The series includes various guest speakers who will come to share their work and aim to inspire others. Oates will talk about her most recent works regarding gender issues and her role as a female writer in the United States, said Andrea Ciccarelli, director of the institute.
Oates has received distinguished awards for her publications including novels, short story collections, literary criticisms, volumes of poetry and numerous plays.
“She is really difficult to match,” Ciccarrelli said. “I don’t know anyone in the English language today that has written on such broad topics on such a professional scale.”
Some of Oates’ recent works include her 2004 play “Dr. Magic,” her 2008 novel “My Love,” her 2009 short story “Dear Husband” and her 2009 poetry collection “The Coming Storm.”
In her 2007 publication “The Journal of Joyce Carol Oates,” she explains her life between 1973 and 1982, giving readers a sense of where her ideas and thoughts originate.

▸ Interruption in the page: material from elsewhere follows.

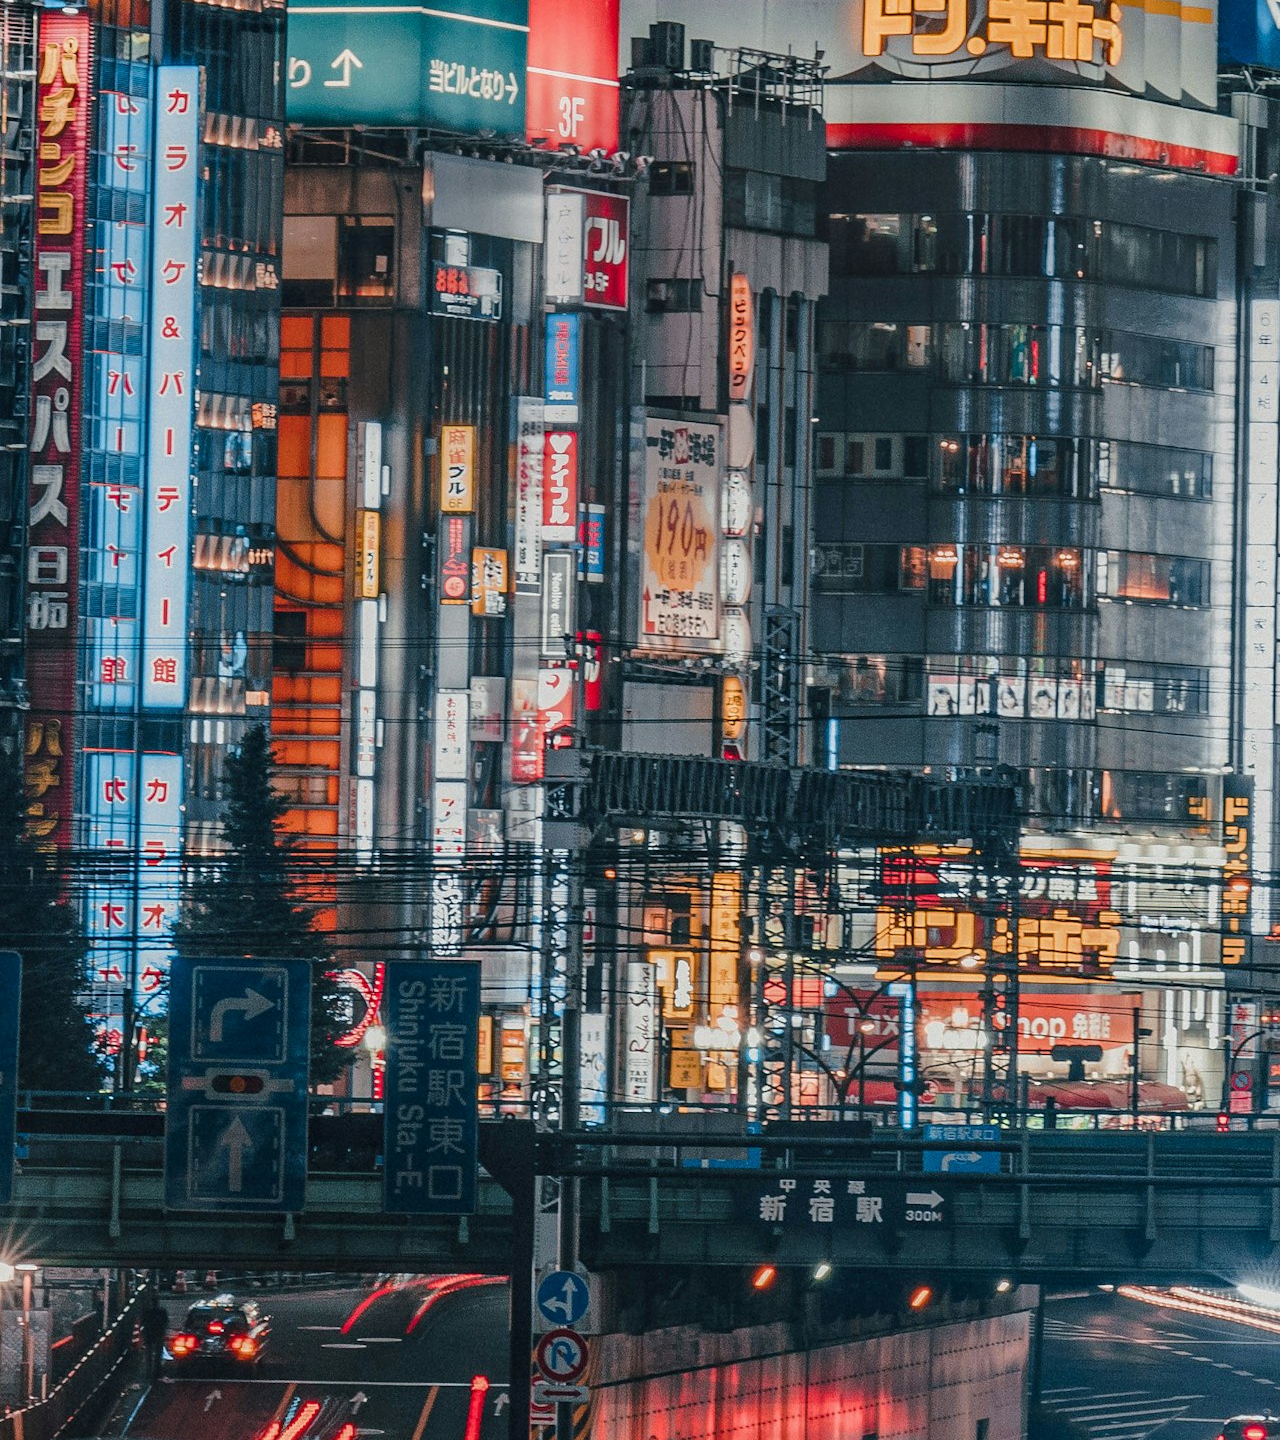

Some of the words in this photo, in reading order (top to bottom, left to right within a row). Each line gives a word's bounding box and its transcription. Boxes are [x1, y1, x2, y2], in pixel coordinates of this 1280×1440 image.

Oates revealed her passion when she said in the journal, “If I wonder where my personality really exists, in what form it best expresses itself, the answer is obvious: in the books. Between hard covers. Hard covers. The rest is Life.”
Cicarelli said she compares Oates to female authors Jane Austen and Virginia Woolf because of their roles in breaking gender barriers.
Oates is also the Roger S. Berlind Distinguished Professor of Humanities at Princeton University.
“When we expect people of her caliber to come, we expect a large turn out,” Ciccarelli said. “She is really among the best.”